**Instructions for the task**
Reproduce the records word for word, leaving out any pictures they hold.

[Entries taken from a collection]
---*---

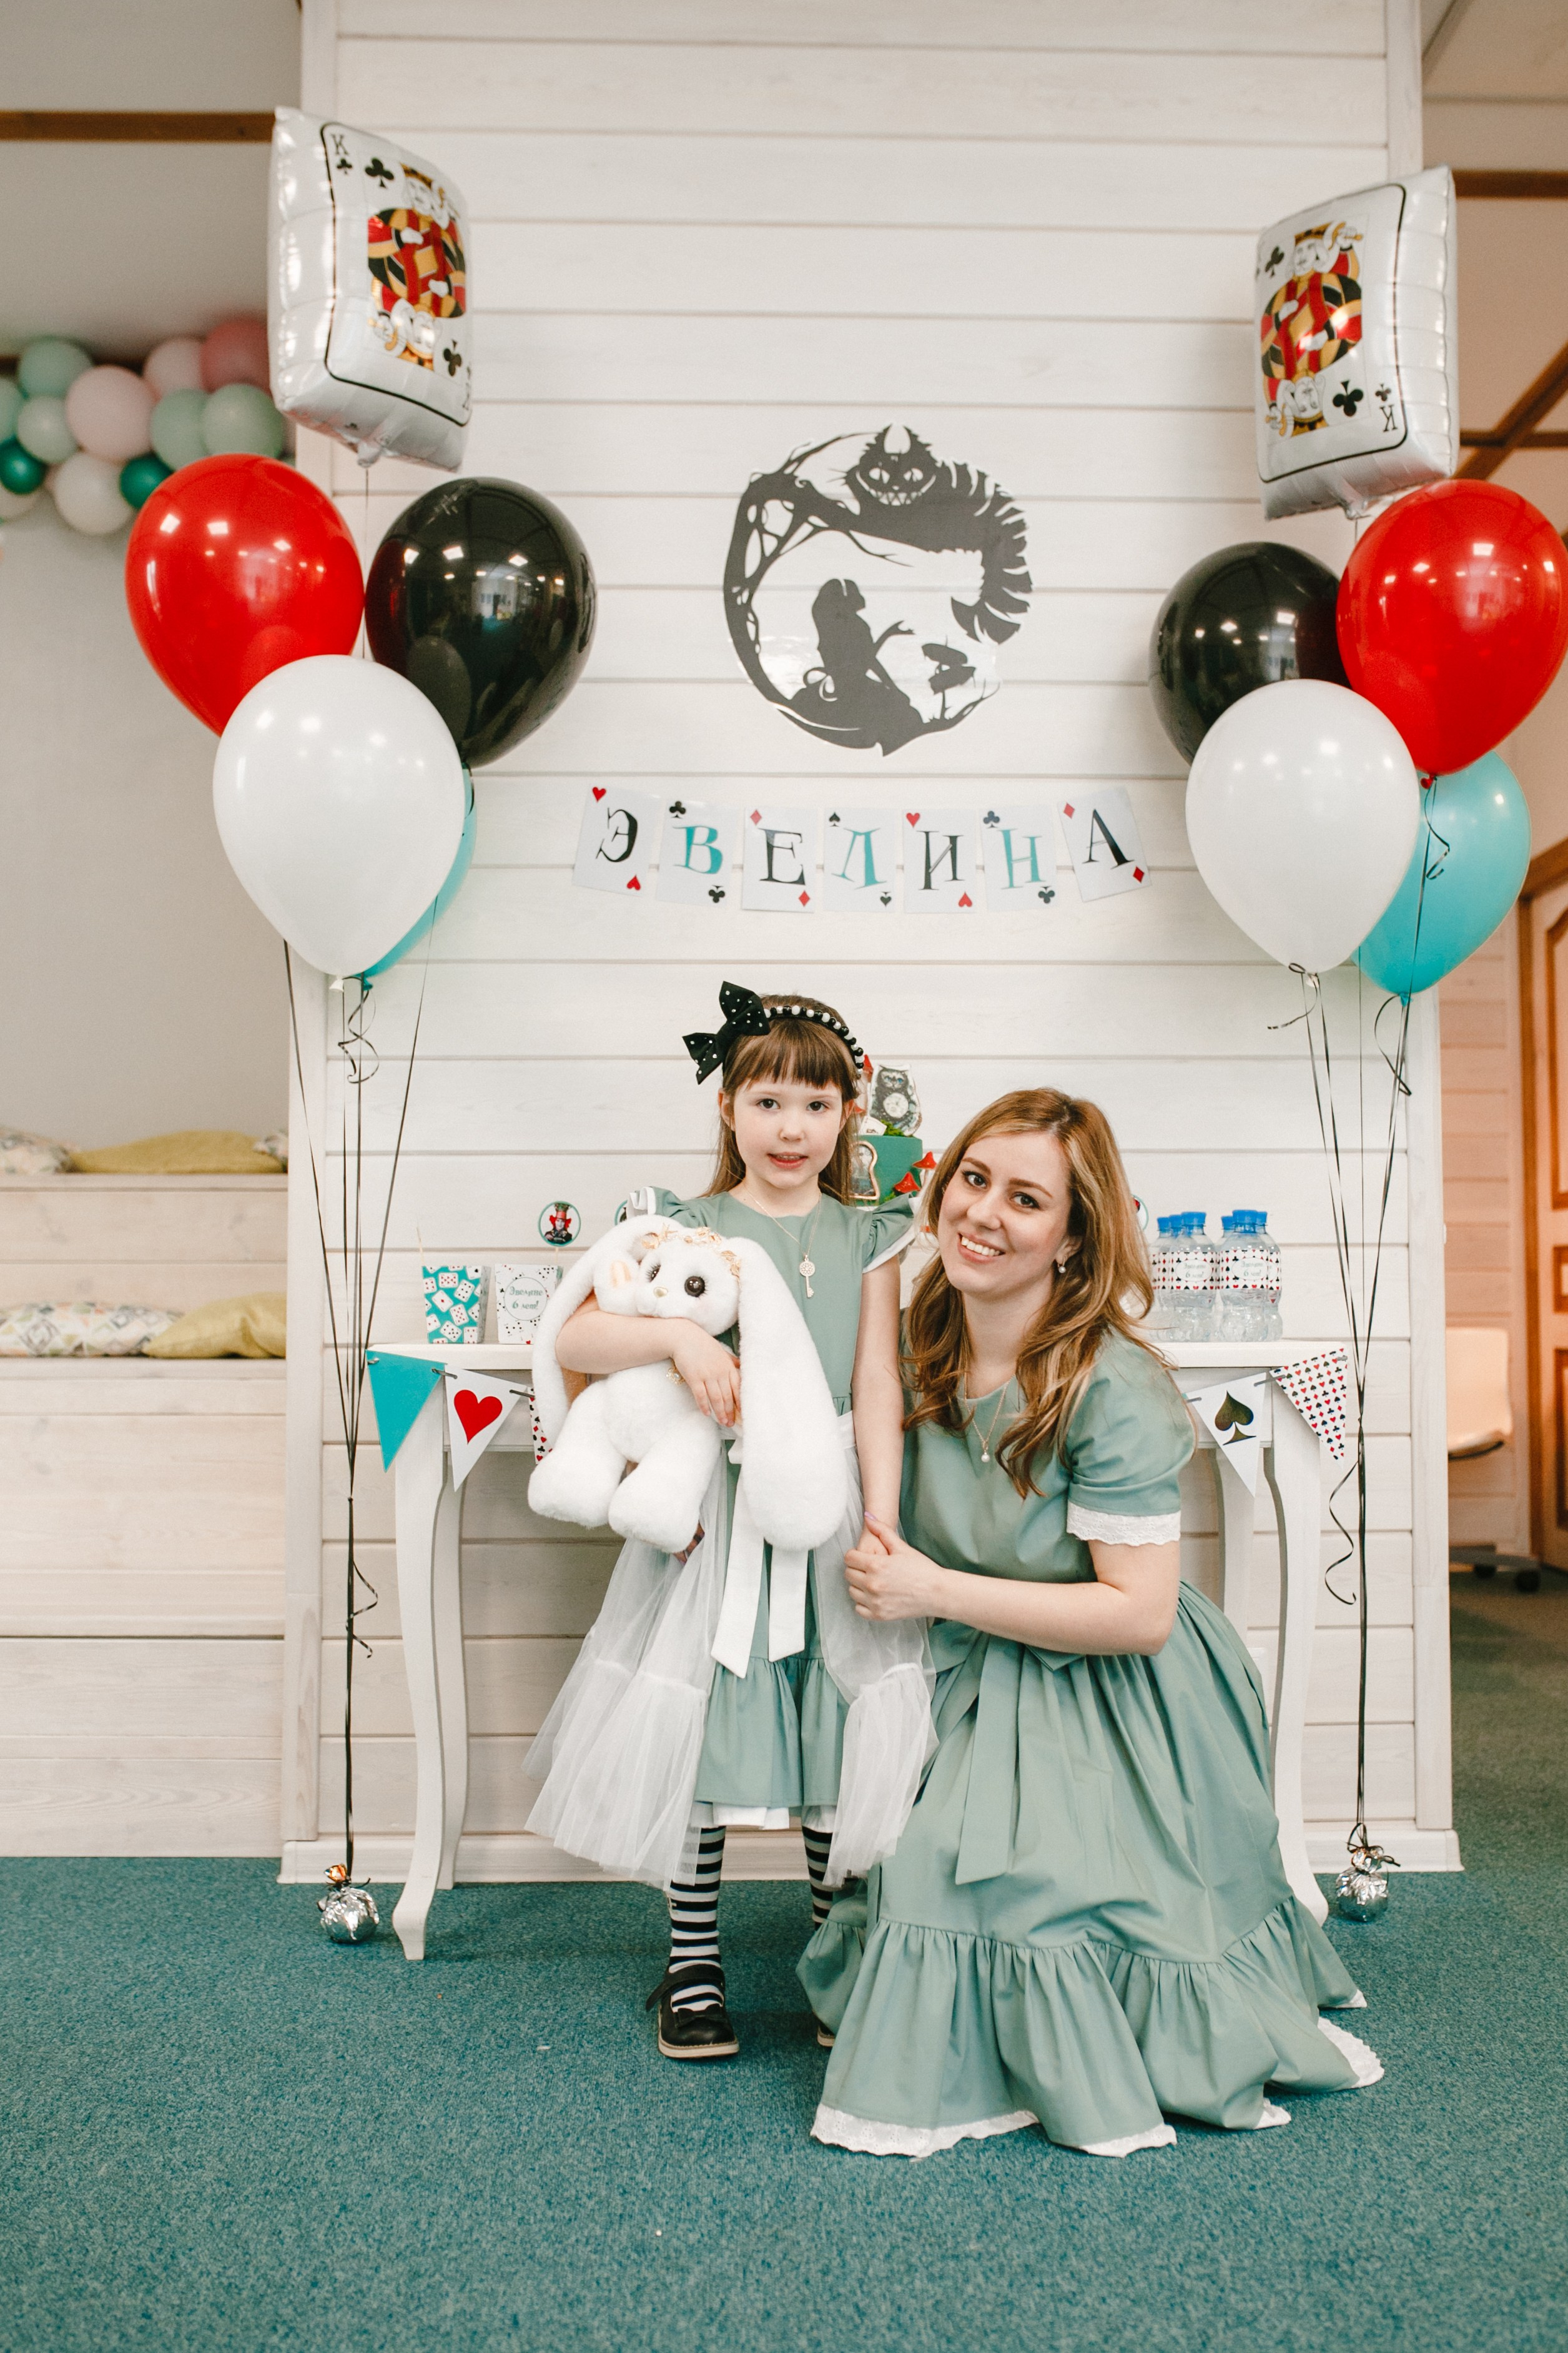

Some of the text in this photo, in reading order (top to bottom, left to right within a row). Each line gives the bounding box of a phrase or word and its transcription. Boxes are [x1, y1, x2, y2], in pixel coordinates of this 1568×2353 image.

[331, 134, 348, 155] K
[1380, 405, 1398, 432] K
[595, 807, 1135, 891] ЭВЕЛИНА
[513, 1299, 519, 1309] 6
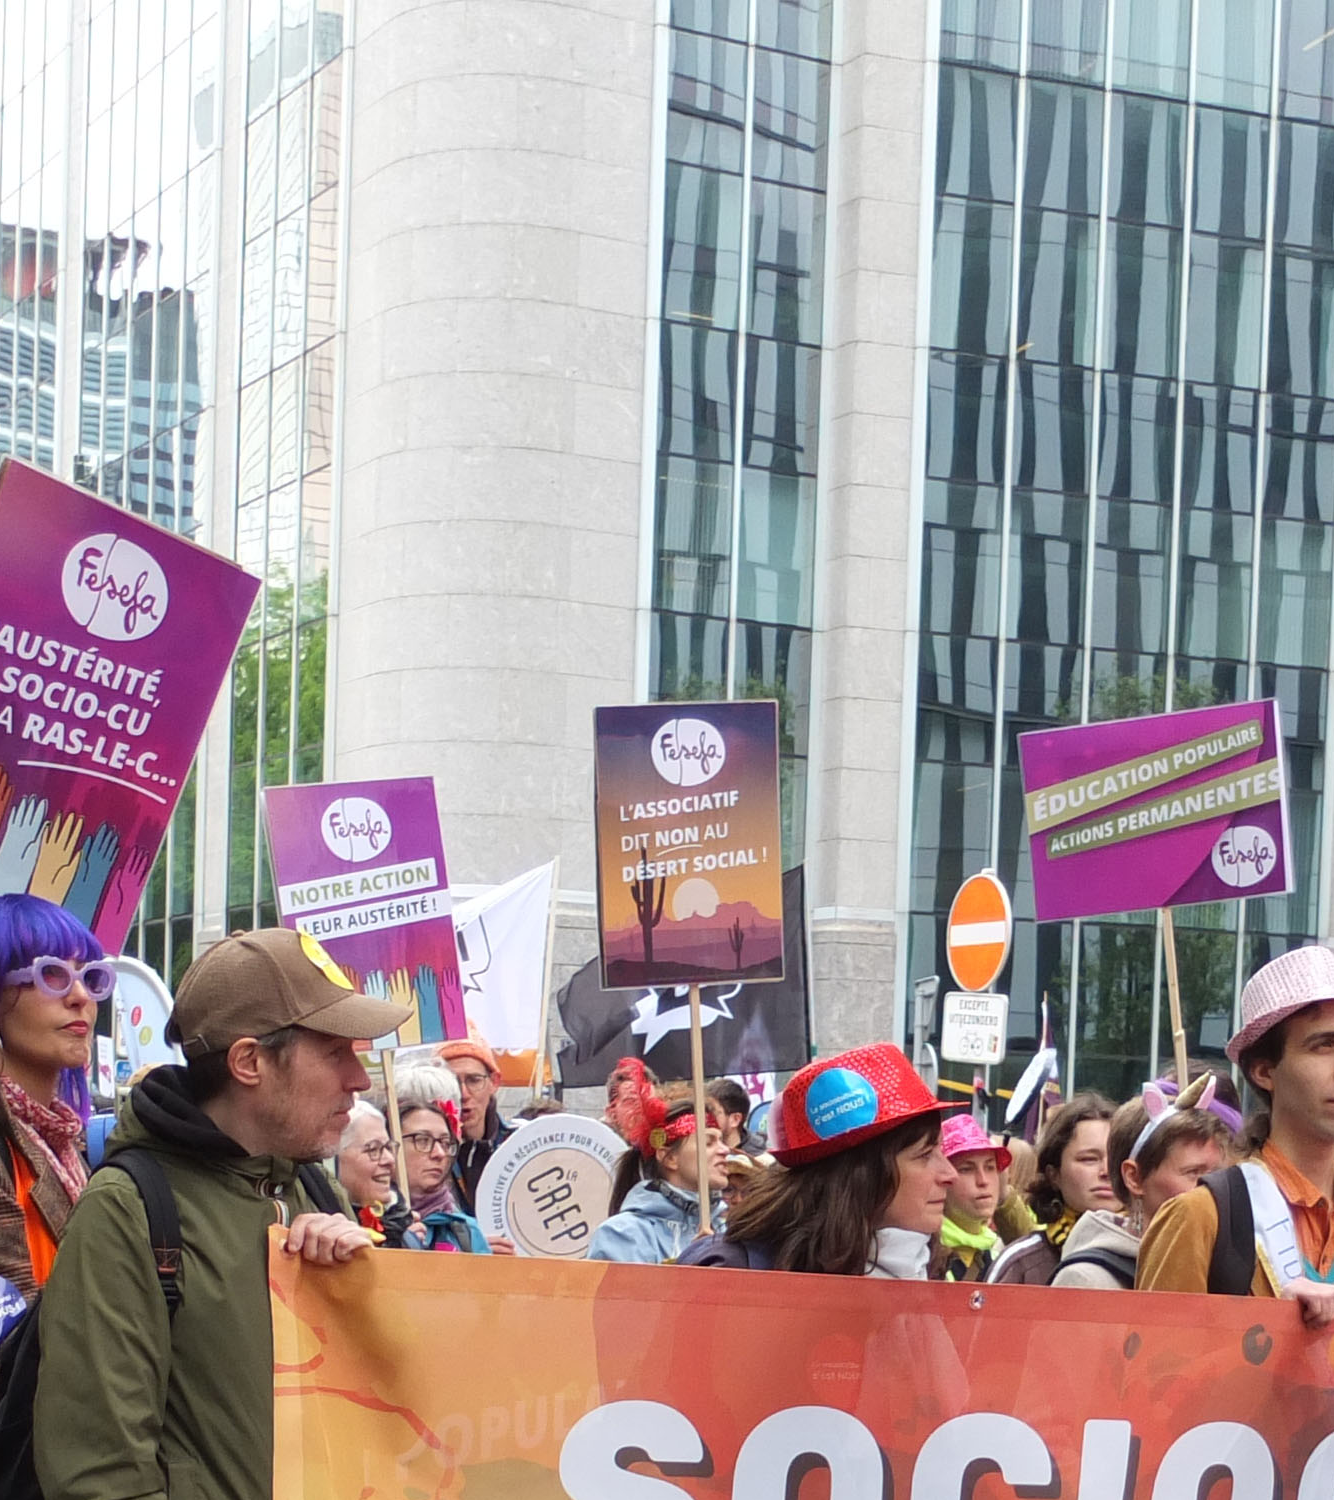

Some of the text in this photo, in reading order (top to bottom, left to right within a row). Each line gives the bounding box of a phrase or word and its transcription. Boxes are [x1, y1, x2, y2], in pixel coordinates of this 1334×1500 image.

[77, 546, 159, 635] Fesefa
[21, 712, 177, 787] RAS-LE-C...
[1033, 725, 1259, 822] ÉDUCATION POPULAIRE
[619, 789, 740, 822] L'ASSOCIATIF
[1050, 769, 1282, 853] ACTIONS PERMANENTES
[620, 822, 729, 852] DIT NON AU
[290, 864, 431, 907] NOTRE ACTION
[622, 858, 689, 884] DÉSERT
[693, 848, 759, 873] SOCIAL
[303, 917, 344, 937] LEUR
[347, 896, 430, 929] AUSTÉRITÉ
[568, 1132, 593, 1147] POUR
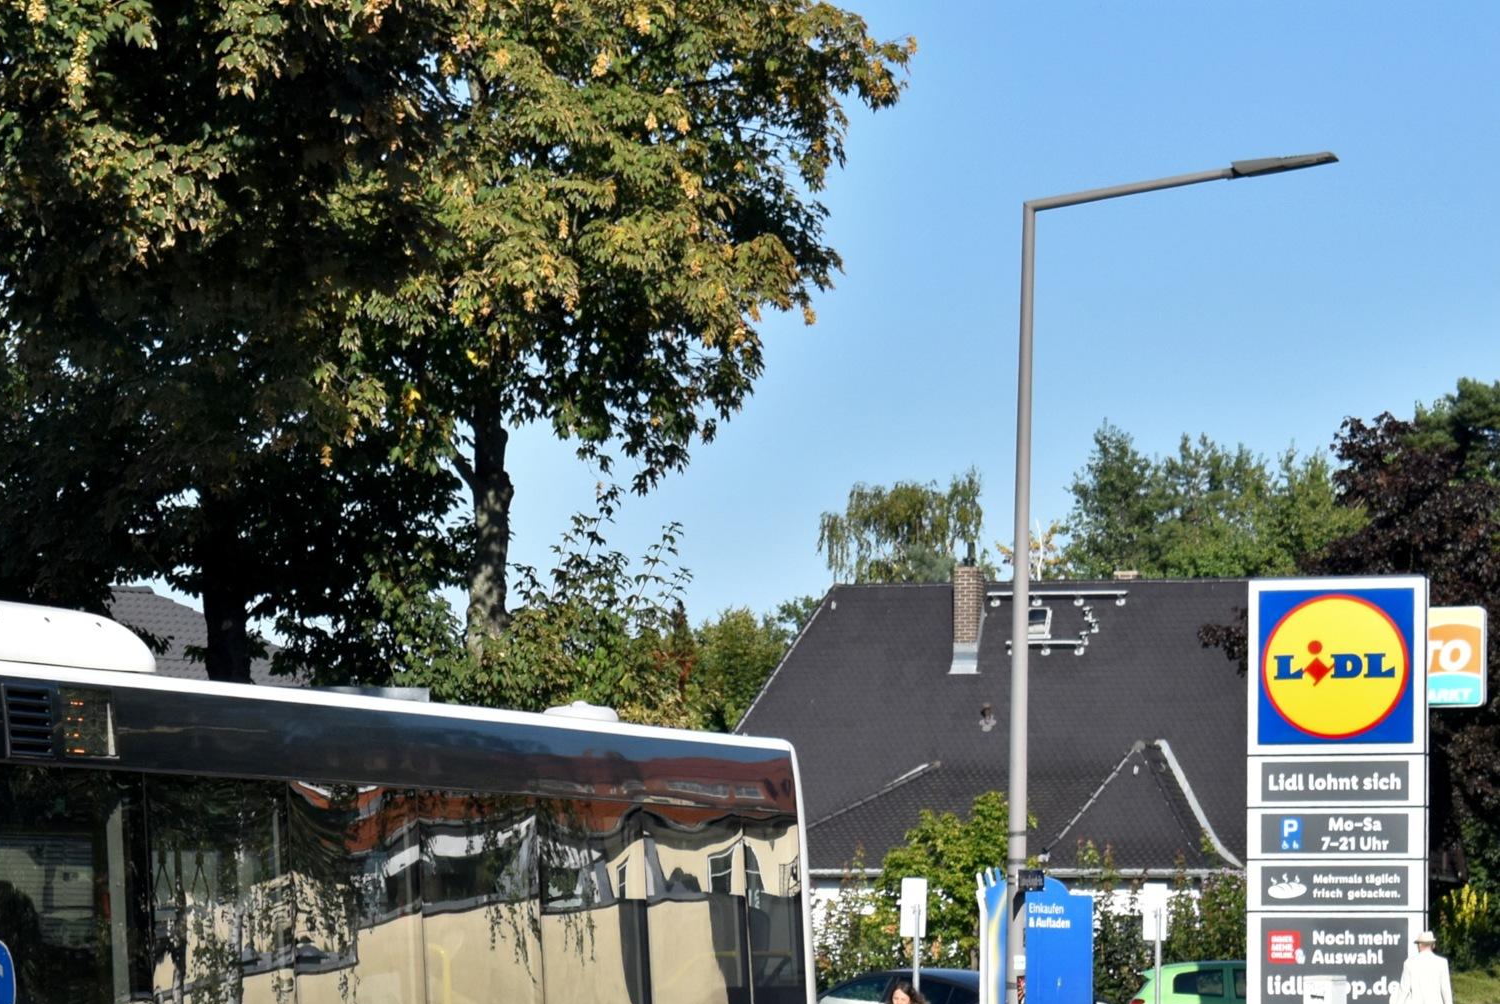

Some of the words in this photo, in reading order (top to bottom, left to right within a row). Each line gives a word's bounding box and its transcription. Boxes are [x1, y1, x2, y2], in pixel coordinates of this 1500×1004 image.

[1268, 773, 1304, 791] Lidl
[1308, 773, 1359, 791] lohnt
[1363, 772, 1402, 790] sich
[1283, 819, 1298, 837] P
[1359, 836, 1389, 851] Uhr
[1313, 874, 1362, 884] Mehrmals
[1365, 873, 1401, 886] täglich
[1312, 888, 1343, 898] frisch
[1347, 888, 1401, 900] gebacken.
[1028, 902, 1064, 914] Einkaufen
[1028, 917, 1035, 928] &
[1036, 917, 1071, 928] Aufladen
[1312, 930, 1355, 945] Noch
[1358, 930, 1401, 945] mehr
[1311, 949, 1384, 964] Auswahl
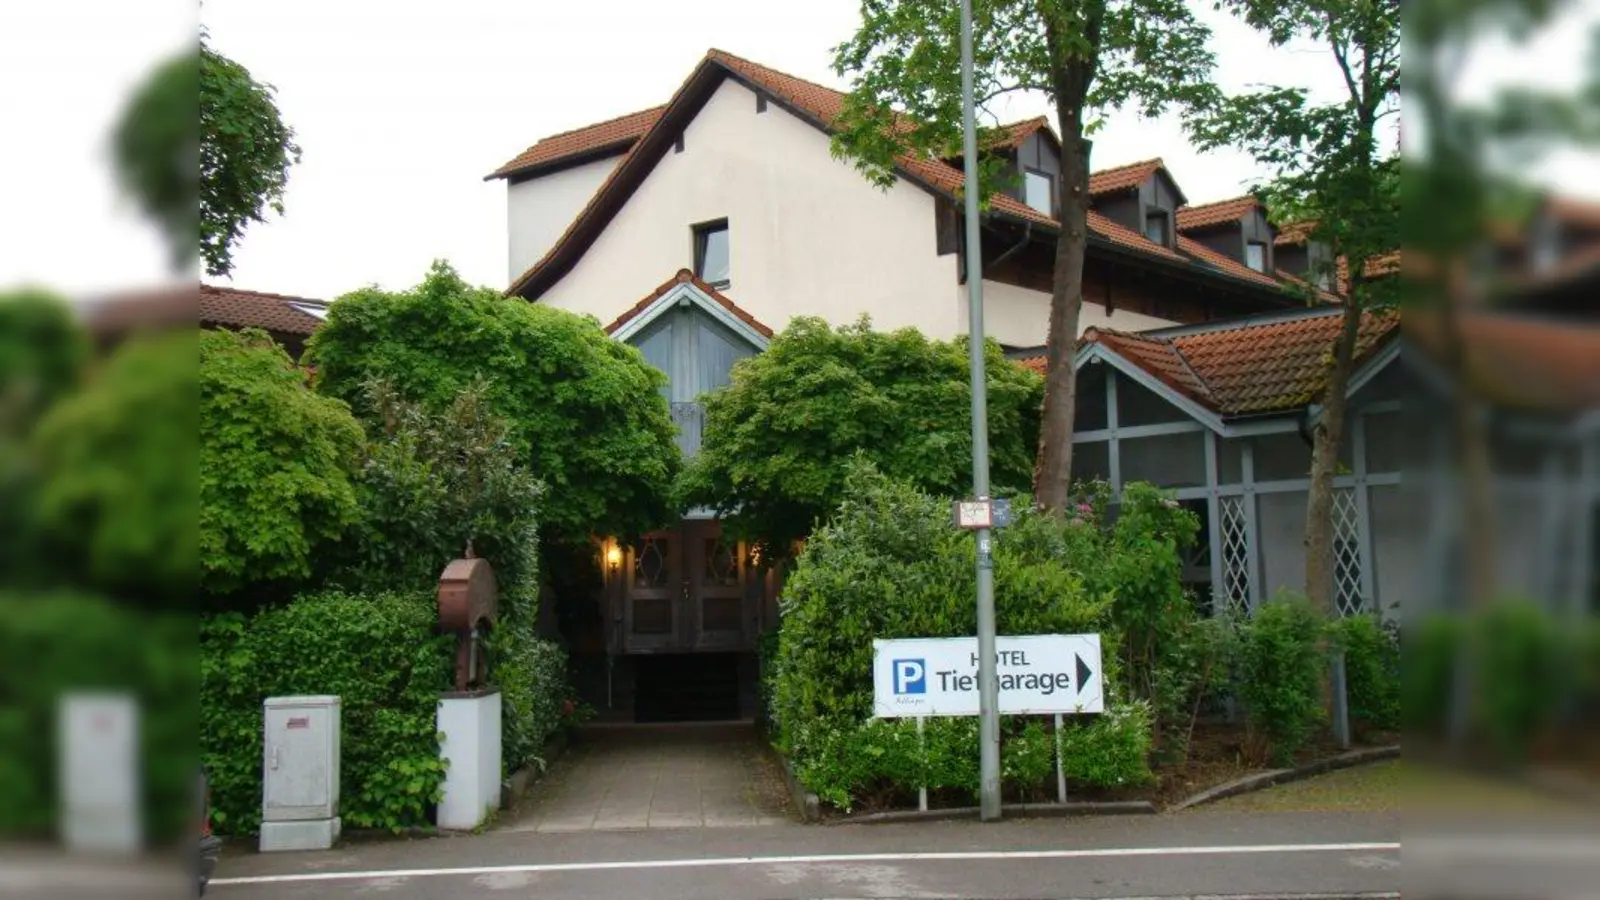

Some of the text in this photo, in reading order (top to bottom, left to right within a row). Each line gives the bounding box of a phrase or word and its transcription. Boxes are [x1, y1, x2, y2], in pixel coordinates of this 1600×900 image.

---*---

**Exercise answer**
Some of the text in this photo, in reading order (top to bottom, left to right within a row). Each line gives the bounding box of a phrase or word and its transcription. Boxes are [x1, y1, x2, y2], in pixel coordinates of this 1568×2353 image.

[331, 134, 348, 155] K
[1380, 405, 1398, 432] K
[595, 807, 1135, 891] ЭВЕЛИНА
[513, 1299, 519, 1309] 6

Some of the text in this photo, in reading order (top to bottom, left to right within a row). Each line gives the bounding box of a phrase or word and its transcription. Boxes are [x1, y1, x2, y2], in pixel coordinates of this 1334×1500 image.

[77, 546, 159, 635] Fesefa
[21, 712, 177, 787] RAS-LE-C...
[1033, 725, 1259, 822] ÉDUCATION POPULAIRE
[619, 789, 740, 822] L'ASSOCIATIF
[1050, 769, 1282, 853] ACTIONS PERMANENTES
[620, 822, 729, 852] DIT NON AU
[290, 864, 431, 907] NOTRE ACTION
[622, 858, 689, 884] DÉSERT
[693, 848, 759, 873] SOCIAL
[303, 917, 344, 937] LEUR
[347, 896, 430, 929] AUSTÉRITÉ
[568, 1132, 593, 1147] POUR

Some of the words in this photo, in reading order (top to bottom, left to right within a row). Each line gives a word's bounding box and its transcription. Boxes are [x1, y1, x2, y2], in pixel coordinates of this 1500×1004 image.

[1268, 773, 1304, 791] Lidl
[1308, 773, 1359, 791] lohnt
[1363, 772, 1402, 790] sich
[1283, 819, 1298, 837] P
[1359, 836, 1389, 851] Uhr
[1313, 874, 1362, 884] Mehrmals
[1365, 873, 1401, 886] täglich
[1312, 888, 1343, 898] frisch
[1347, 888, 1401, 900] gebacken.
[1028, 902, 1064, 914] Einkaufen
[1028, 917, 1035, 928] &
[1036, 917, 1071, 928] Aufladen
[1312, 930, 1355, 945] Noch
[1358, 930, 1401, 945] mehr
[1311, 949, 1384, 964] Auswahl

Some of the text in this photo, in reading order (top to bottom, left to right within a row). Each line gives the bounding box of a phrase or word and its transcription. Boxes are [x1, y1, x2, y2], in pixel coordinates of this 1600×900 image.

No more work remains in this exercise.